The Nasdaq jumped 2.5 per cent as the likes of Amazon, Alphabet, Apple, Microsoft and Facebook all rose. Amazon shares leapt 8 per cent and continued higher in after-hours trade to break $3,200 after two brokers upgraded their price target to $3,800. Despite positive vaccine news, this was not a reopening trade as such. In addition to Amazon, other ‘Covid-proof’ stocks were very strong with Peloton up over 10% and Zoom almost 9 per cent. The S&P 500 rose 0.8 per cent as tech lifted the boats.

Retail may be going through its worst recession in memory, but not everyone is losing out. UK grocery sales rose 10 per cent in the four weeks to July 11th, with Tesco sales +12 per cent, Sainsbury’s +10.2 per cent and Morrisons +15.7 per cent. 
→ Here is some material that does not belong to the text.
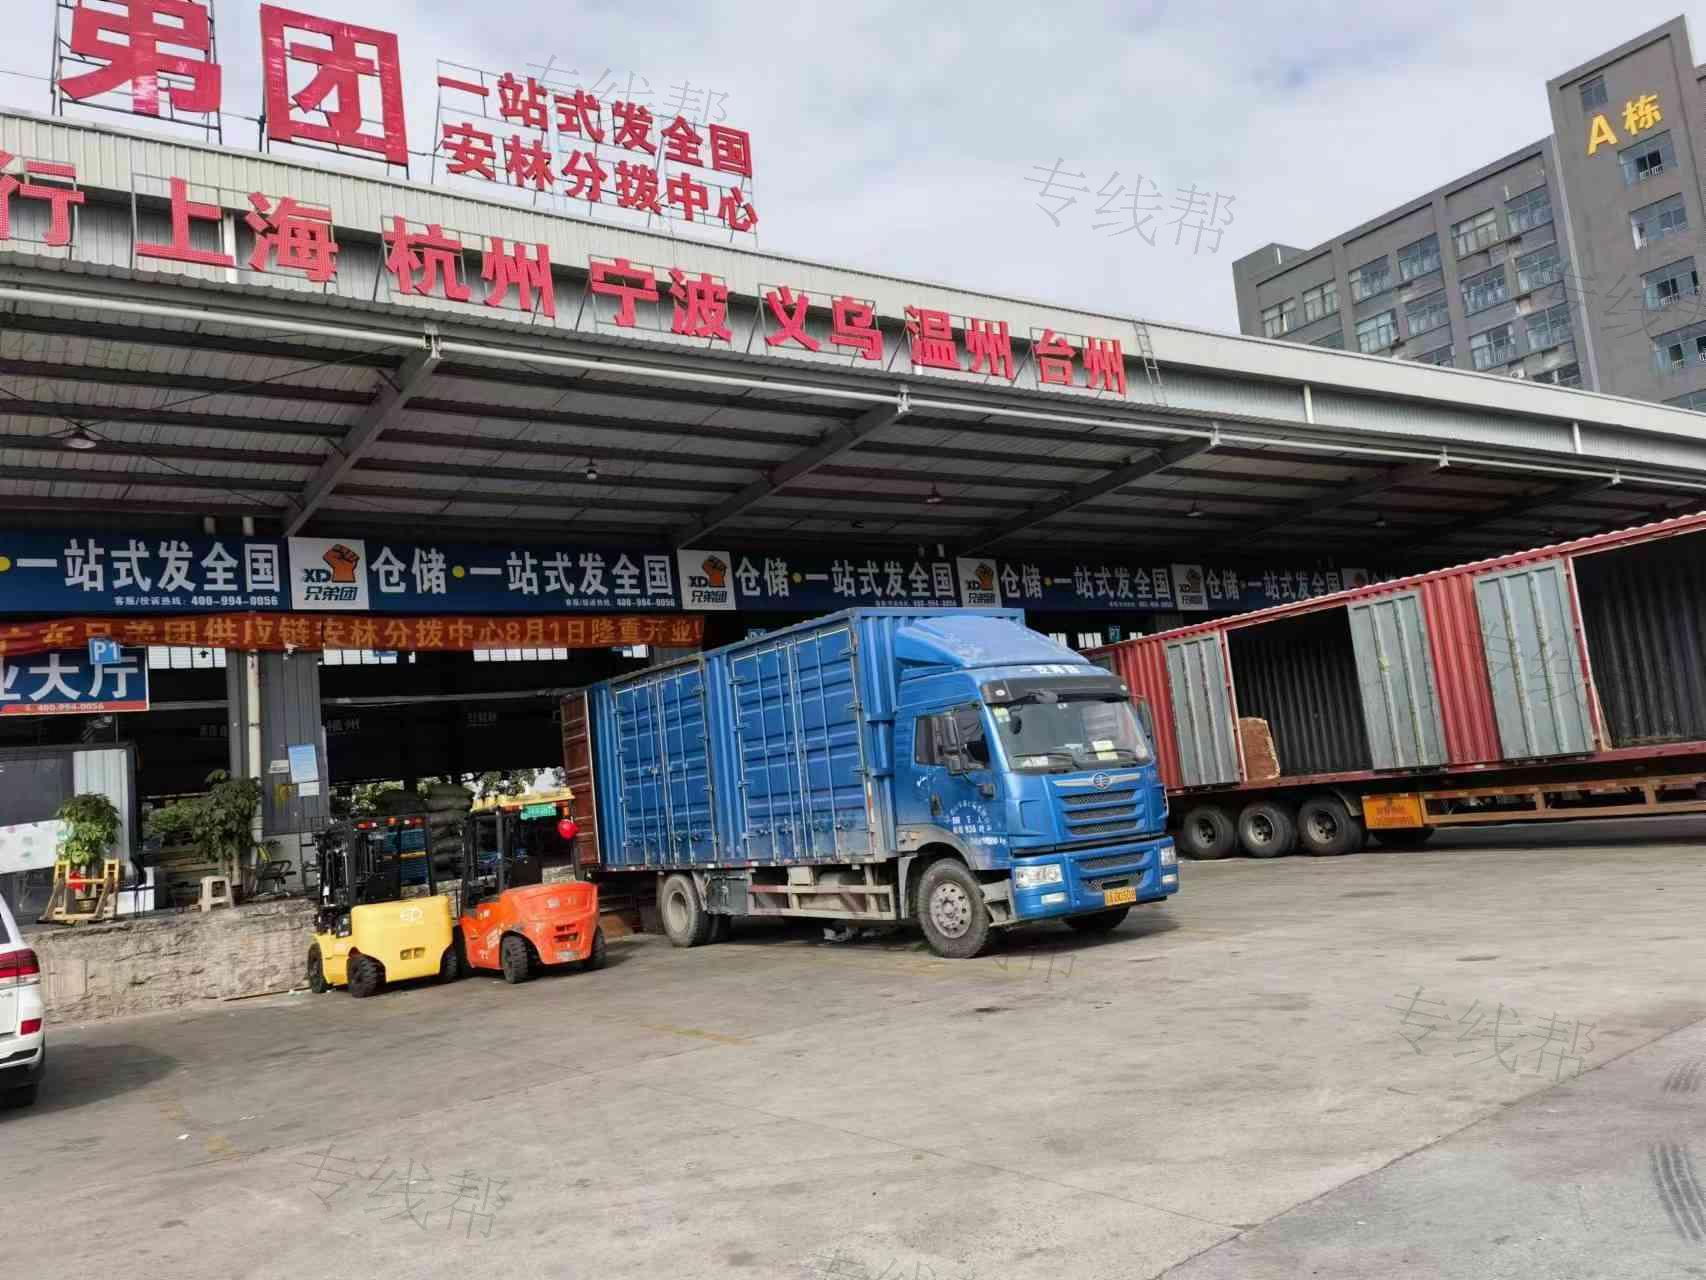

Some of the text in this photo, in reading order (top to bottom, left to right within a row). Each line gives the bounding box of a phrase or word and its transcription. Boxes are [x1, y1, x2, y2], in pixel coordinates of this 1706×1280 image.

[437, 72, 753, 178] 一站式发全国
[442, 122, 759, 232] 安林分拨中心
[303, 586, 358, 601] 兄弟团
UK borrowing is surging - £128bn in the second quarter – but rates on gilts are negative out to 7 years, so there is very little worry about repaying it. The political pressure and inclination to raise taxes will increase, however. 

 

Gold rallied through $1824 to make a fresh 9-year high as US real rates continued to edge lower, with 10yr TIPS down to –0.84 per cent, their weakest in seven years. The entire curve keeps going deeper into negative territory with 5yr TIPS at –1.08 per cent and 30yr TIPS have slipping to –0.30 per cent.  

Crude oil has made a push back above $41, looking for a breach of the Jun highs at $41.60 to trigger further gains. Reversal could signal bulls’ exhaustion.